→ **Instructions for the task**:
Would you please write out the records below exactly as they appear?

------------------------

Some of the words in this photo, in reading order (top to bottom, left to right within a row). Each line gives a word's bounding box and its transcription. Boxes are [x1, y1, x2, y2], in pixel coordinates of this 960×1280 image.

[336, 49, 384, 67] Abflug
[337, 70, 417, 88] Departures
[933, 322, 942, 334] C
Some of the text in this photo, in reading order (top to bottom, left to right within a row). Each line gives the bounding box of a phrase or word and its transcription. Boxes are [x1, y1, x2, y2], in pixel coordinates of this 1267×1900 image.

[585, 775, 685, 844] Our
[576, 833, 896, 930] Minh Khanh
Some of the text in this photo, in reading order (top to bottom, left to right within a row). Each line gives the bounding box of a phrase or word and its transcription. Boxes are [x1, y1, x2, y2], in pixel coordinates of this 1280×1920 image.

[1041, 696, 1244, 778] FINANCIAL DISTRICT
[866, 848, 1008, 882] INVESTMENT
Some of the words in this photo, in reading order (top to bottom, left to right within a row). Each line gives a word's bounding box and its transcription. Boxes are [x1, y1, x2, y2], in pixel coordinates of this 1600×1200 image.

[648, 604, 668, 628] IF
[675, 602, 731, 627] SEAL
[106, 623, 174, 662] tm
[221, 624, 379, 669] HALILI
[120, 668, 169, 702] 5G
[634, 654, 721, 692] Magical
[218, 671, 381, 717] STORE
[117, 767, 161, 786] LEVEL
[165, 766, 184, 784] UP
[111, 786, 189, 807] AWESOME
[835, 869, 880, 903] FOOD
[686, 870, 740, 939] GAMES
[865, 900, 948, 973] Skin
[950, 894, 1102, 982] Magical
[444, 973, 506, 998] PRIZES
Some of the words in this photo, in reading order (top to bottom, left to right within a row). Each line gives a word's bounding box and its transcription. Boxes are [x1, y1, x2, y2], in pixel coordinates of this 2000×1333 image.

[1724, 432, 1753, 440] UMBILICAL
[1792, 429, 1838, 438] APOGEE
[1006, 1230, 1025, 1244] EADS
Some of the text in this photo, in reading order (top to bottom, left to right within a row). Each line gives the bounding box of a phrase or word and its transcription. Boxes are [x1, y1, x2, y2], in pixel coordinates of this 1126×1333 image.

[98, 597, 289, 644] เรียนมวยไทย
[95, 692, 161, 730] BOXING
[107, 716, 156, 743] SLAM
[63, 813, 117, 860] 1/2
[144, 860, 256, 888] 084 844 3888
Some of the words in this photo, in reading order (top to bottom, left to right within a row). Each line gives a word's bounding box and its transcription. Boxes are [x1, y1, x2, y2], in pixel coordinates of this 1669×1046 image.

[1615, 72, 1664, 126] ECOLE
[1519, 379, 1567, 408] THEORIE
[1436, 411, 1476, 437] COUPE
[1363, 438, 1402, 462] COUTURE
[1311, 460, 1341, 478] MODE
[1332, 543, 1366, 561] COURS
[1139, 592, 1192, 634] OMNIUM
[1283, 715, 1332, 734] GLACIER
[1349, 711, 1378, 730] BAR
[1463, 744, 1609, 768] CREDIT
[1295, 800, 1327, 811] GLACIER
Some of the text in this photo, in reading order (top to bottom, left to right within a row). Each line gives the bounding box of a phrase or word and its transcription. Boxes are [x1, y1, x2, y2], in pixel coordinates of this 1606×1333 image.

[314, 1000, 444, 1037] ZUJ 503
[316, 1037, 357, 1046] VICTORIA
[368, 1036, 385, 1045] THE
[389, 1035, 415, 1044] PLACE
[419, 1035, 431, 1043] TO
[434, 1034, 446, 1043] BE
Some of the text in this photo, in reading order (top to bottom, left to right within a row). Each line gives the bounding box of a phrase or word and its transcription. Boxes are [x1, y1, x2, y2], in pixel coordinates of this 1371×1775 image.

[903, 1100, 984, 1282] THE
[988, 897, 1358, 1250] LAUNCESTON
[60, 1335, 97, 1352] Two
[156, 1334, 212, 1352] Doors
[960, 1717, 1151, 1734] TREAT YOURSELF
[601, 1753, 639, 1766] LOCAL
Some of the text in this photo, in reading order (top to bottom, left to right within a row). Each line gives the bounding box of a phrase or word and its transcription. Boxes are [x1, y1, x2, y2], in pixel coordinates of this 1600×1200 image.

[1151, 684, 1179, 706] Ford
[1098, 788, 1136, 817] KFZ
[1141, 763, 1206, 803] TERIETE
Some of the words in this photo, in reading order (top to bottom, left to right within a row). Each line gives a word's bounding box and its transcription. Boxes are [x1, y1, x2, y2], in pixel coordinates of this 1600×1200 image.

------------------------

→ **Output of the task**:
Some of the words in this photo, in reading order (top to bottom, left to right within a row). Each line gives a word's bounding box and its transcription. Boxes are [x1, y1, x2, y2], in pixel coordinates of this 960×1280 image.

[336, 49, 384, 67] Abflug
[337, 70, 417, 88] Departures
[933, 322, 942, 334] C
Some of the text in this photo, in reading order (top to bottom, left to right within a row). Each line gives the bounding box of a phrase or word and its transcription. Boxes are [x1, y1, x2, y2], in pixel coordinates of this 1267×1900 image.

[585, 775, 685, 844] Our
[576, 833, 896, 930] Minh Khanh
Some of the text in this photo, in reading order (top to bottom, left to right within a row). Each line gives the bounding box of a phrase or word and its transcription. Boxes are [x1, y1, x2, y2], in pixel coordinates of this 1280×1920 image.

[1041, 696, 1244, 778] FINANCIAL DISTRICT
[866, 848, 1008, 882] INVESTMENT
Some of the words in this photo, in reading order (top to bottom, left to right within a row). Each line gives a word's bounding box and its transcription. Boxes are [x1, y1, x2, y2], in pixel coordinates of this 1600×1200 image.

[648, 604, 668, 628] IF
[675, 602, 731, 627] SEAL
[106, 623, 174, 662] tm
[221, 624, 379, 669] HALILI
[120, 668, 169, 702] 5G
[634, 654, 721, 692] Magical
[218, 671, 381, 717] STORE
[117, 767, 161, 786] LEVEL
[165, 766, 184, 784] UP
[111, 786, 189, 807] AWESOME
[835, 869, 880, 903] FOOD
[686, 870, 740, 939] GAMES
[865, 900, 948, 973] Skin
[950, 894, 1102, 982] Magical
[444, 973, 506, 998] PRIZES
Some of the words in this photo, in reading order (top to bottom, left to right within a row). Each line gives a word's bounding box and its transcription. Boxes are [x1, y1, x2, y2], in pixel coordinates of this 2000×1333 image.

[1724, 432, 1753, 440] UMBILICAL
[1792, 429, 1838, 438] APOGEE
[1006, 1230, 1025, 1244] EADS
Some of the text in this photo, in reading order (top to bottom, left to right within a row). Each line gives the bounding box of a phrase or word and its transcription. Boxes are [x1, y1, x2, y2], in pixel coordinates of this 1126×1333 image.

[98, 597, 289, 644] เรียนมวยไทย
[95, 692, 161, 730] BOXING
[107, 716, 156, 743] SLAM
[63, 813, 117, 860] 1/2
[144, 860, 256, 888] 084 844 3888
Some of the words in this photo, in reading order (top to bottom, left to right within a row). Each line gives a word's bounding box and its transcription. Boxes are [x1, y1, x2, y2], in pixel coordinates of this 1669×1046 image.

[1615, 72, 1664, 126] ECOLE
[1519, 379, 1567, 408] THEORIE
[1436, 411, 1476, 437] COUPE
[1363, 438, 1402, 462] COUTURE
[1311, 460, 1341, 478] MODE
[1332, 543, 1366, 561] COURS
[1139, 592, 1192, 634] OMNIUM
[1283, 715, 1332, 734] GLACIER
[1349, 711, 1378, 730] BAR
[1463, 744, 1609, 768] CREDIT
[1295, 800, 1327, 811] GLACIER
Some of the text in this photo, in reading order (top to bottom, left to right within a row). Each line gives the bounding box of a phrase or word and its transcription. Boxes are [x1, y1, x2, y2], in pixel coordinates of this 1606×1333 image.

[314, 1000, 444, 1037] ZUJ 503
[316, 1037, 357, 1046] VICTORIA
[368, 1036, 385, 1045] THE
[389, 1035, 415, 1044] PLACE
[419, 1035, 431, 1043] TO
[434, 1034, 446, 1043] BE
Some of the text in this photo, in reading order (top to bottom, left to right within a row). Each line gives the bounding box of a phrase or word and its transcription. Boxes are [x1, y1, x2, y2], in pixel coordinates of this 1371×1775 image.

[903, 1100, 984, 1282] THE
[988, 897, 1358, 1250] LAUNCESTON
[60, 1335, 97, 1352] Two
[156, 1334, 212, 1352] Doors
[960, 1717, 1151, 1734] TREAT YOURSELF
[601, 1753, 639, 1766] LOCAL
Some of the text in this photo, in reading order (top to bottom, left to right within a row). Each line gives the bounding box of a phrase or word and its transcription. Boxes are [x1, y1, x2, y2], in pixel coordinates of this 1600×1200 image.

[1151, 684, 1179, 706] Ford
[1098, 788, 1136, 817] KFZ
[1141, 763, 1206, 803] TERIETE
Some of the words in this photo, in reading order (top to bottom, left to right within a row). Each line gives a word's bounding box and its transcription. Boxes are [x1, y1, x2, y2], in pixel coordinates of this 1600×1200 image.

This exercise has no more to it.